Of late, Dark Horse has been putting out a lot of 4-6 issue mini-series set all over the timeline. Some of these have been good, such as John Ostrander’s Dawn of the Jedi: Force Storm, and some not so good, such as John Ostrander’s (again!) Agent of the Empire: Iron Eclipse. And of course, there is the classic Crimson Empire series by Mike Richardson and Randy Stradley which is one of the best Star Wars comics to date. Joining the ranks of Richardson and Stradley’s work is Hayden Blackman’s 5-issue Darth Vader and the Ghost Prison, which is quite frankly one of the best comics mini-series I’ve read in the last 10 months. It has some great characters, both old and new, and takes a great look at the galaxy far, far away in a post-Episode III era.
The premise of this mini-series, being collected in hardcover later this month, is that as Emperor Palpatine and Darth Vader move to consolidate their power over the galaxy, there are already forces moving against them. Headmaster Gentis, formerly a celebrated Republic General and now the leader of all Imperial academies, has betrayed the Emperor and seeks to bring his downfall. Joining him in this endeavour are several highly-placed officers of the new Empire and almost the entire (first) graduating class of Imperial cadets.

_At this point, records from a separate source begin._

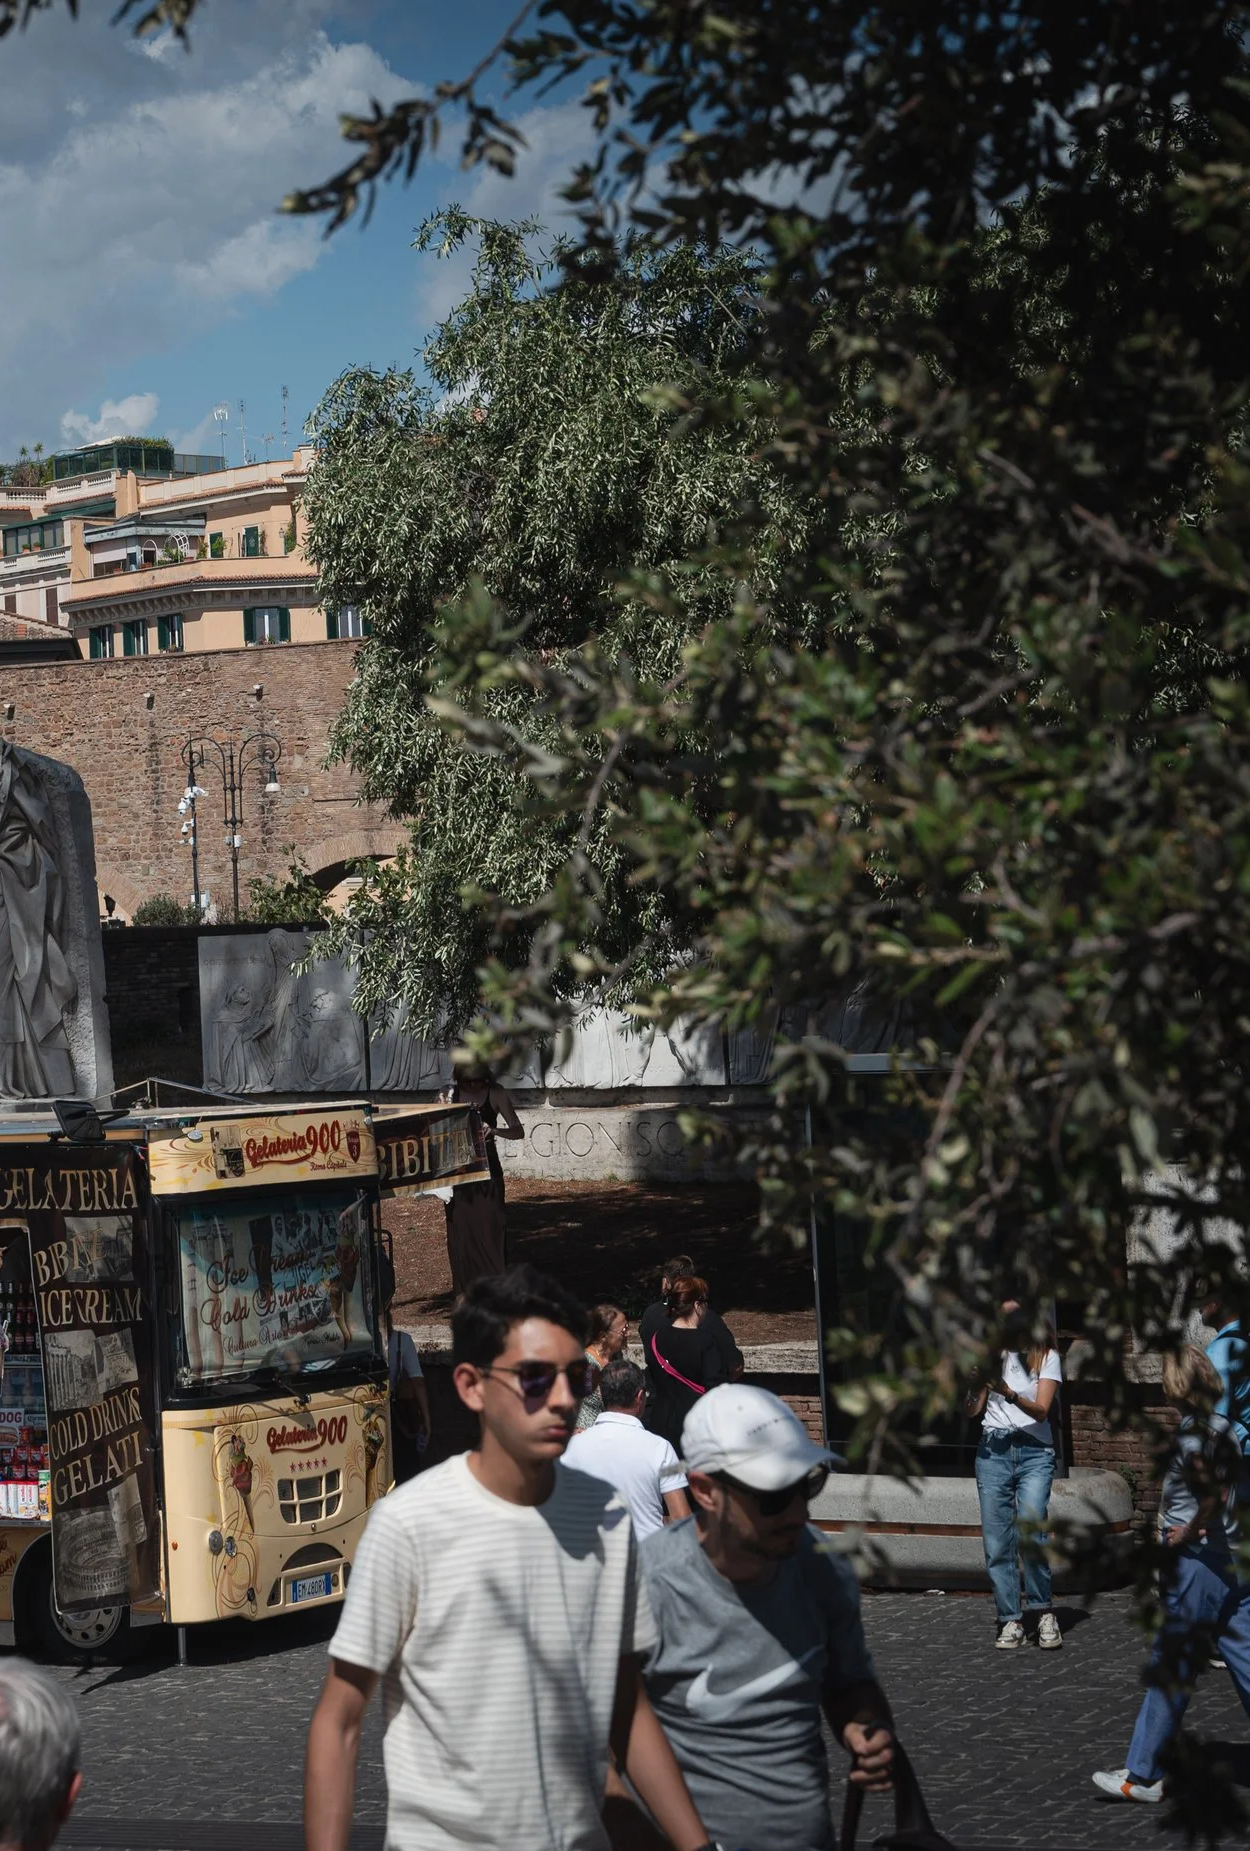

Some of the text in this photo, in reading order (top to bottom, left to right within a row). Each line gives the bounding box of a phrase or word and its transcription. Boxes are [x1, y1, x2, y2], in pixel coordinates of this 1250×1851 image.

[245, 1119, 341, 1168] Gelateria 900
[200, 1295, 250, 1331] Cold
[252, 1281, 320, 1317] Drinks
[49, 1411, 88, 1461] COLD
[266, 1415, 348, 1454] Gelateria 900
[52, 1430, 144, 1506] GELATI

The story focuses on one in particular, Lieutenant Tohm, and charts his rise as an adjutant to Darth Vader in one of the Empire’s most troubled times.

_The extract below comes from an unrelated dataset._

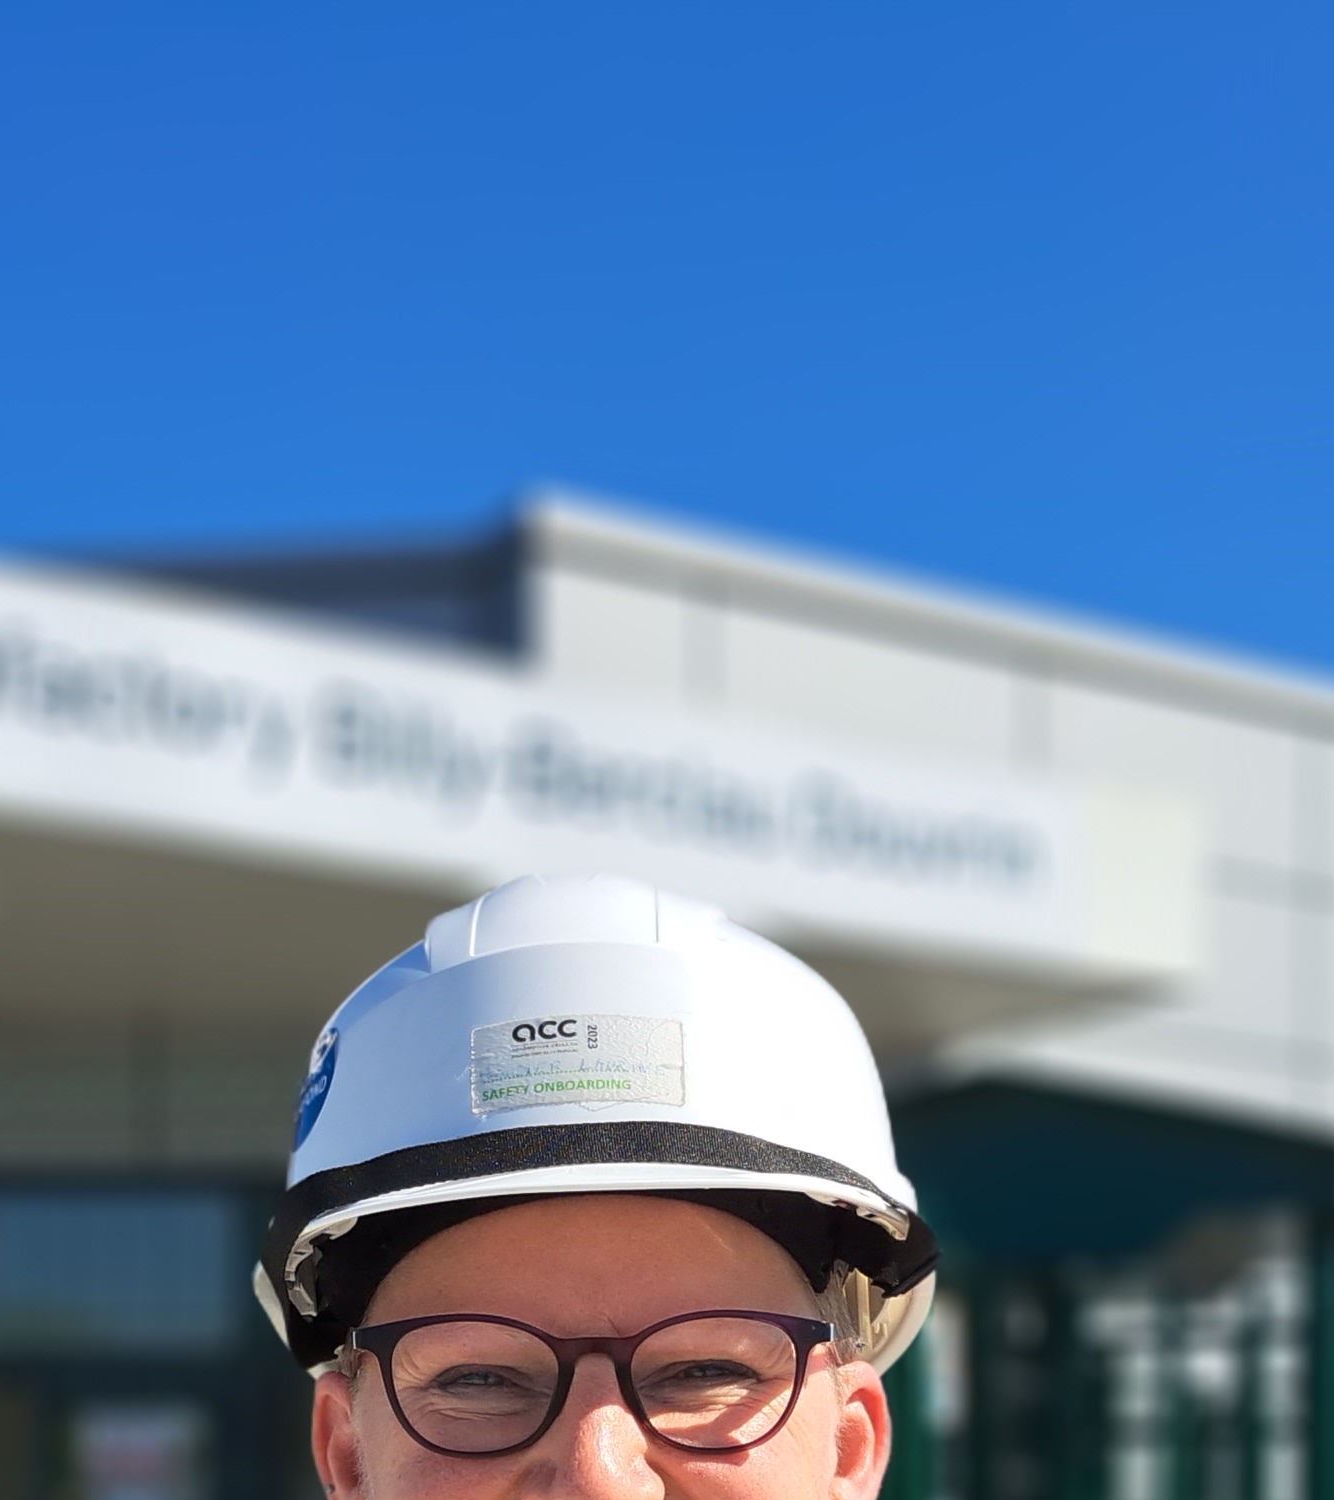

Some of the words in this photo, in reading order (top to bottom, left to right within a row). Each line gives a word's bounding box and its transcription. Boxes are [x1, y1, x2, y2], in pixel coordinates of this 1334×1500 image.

[512, 1019, 577, 1042] acc
[587, 1025, 598, 1050] 2023
[482, 1085, 530, 1101] SAFETY
[534, 1079, 632, 1093] ONBOARDING

Without a doubt, Tohm was one of my favourite characters here. Disfigured and handicapped, he nevertheless manages to rise to a position of authority within the newly-formed Empire, and eventually comes to the notice of the Emperor. It’s almost a fairy-tale story of sorts, and Blackman has written it really well. The story itself is written as a report to the Emperor from Tohm, recounting the events of Gentis’ betrayal. Thus we already know how things are going to end, since after all, nothing short of an alliance between Anakin Skywalker and Luke Skywalker can kill the Emperor. The fun is in seeing how things unfold. Tohm makes for an excellent protagonist, quite an ironic one at that, considering the Empire’s stance on “non-perfect” people. Doubly so since Moff Trachta, one of the supporting characters, is also a deeply disfigured man.

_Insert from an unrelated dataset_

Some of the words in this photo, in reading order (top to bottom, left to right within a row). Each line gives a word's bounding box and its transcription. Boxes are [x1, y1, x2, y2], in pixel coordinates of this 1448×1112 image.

In Ghost Prison Blackman is able to provide readers with a great sense of continuity and a close of sorts given the entirety of Episode III: Revenge of the Sith. The script explores quite a bit of Jedi intrigue and the secrets that were kept from Anakin despite Obi-wan’s insistence otherwise, as is revealed over the course of the story. The betrayals of the Jedi, as Vader sees them, are front and center here and we get Tohm’s own angle on these events since he is essentially Vader’s side-kick for the majority of the story. It is in these moments, when we see Vader mentor Tohm, that we see both characters shine. It is perhaps a foreshadowing of larger events later on in the timeline, when both Vader and the Emperor taught several Force-users and created their own small army of Sith practitioners. Which is apt, since Blackman has worked on Force Unleashed, a video game that explored this very concept.
The artwork in the book, by Agustin Alessio, is stunning, and one of the best I’ve seen to date. There is a strong vitality to every character. For the “good” ones like Gentis, there is an air of nobility and honour to them. For the “bad” ones like Vader and Trachta, there is an air of menace and treachery to them, which is entirely fitting, and it all matches up really well with Blackman’s script and dialogue. Vader is always a challenge since he is all about the body-language and in any panel involving him, Alessio has performed admirably in making the character standout. In general, Alessio’s artwork is always detailed and, frankly, stunning. Combined with the cover art by Dave Wilkins, Ghost Prison is one of the most visually-pleasing graphic novels for 2013 (or single issues for the last year!).
The ending is one that hits you out of the left field and the slow lead-up to it also ties up with Brian Wood’s Star Wars #1 and how the Emperor treats Vader after the events of Episode IV: A New Hope. That ending alone is worth the entire cost of the book, if I do say so myself. So in short, this is one Star Wars story that you don’t want to miss. Easily one of the best offerings from Dark Horse for the year. The only negative point of the book is that Gentis’ treachery seems to be a little too wide-spread and that perhaps some time should have been taken to explore more of his backstory in relation to the script, but that’s by and by.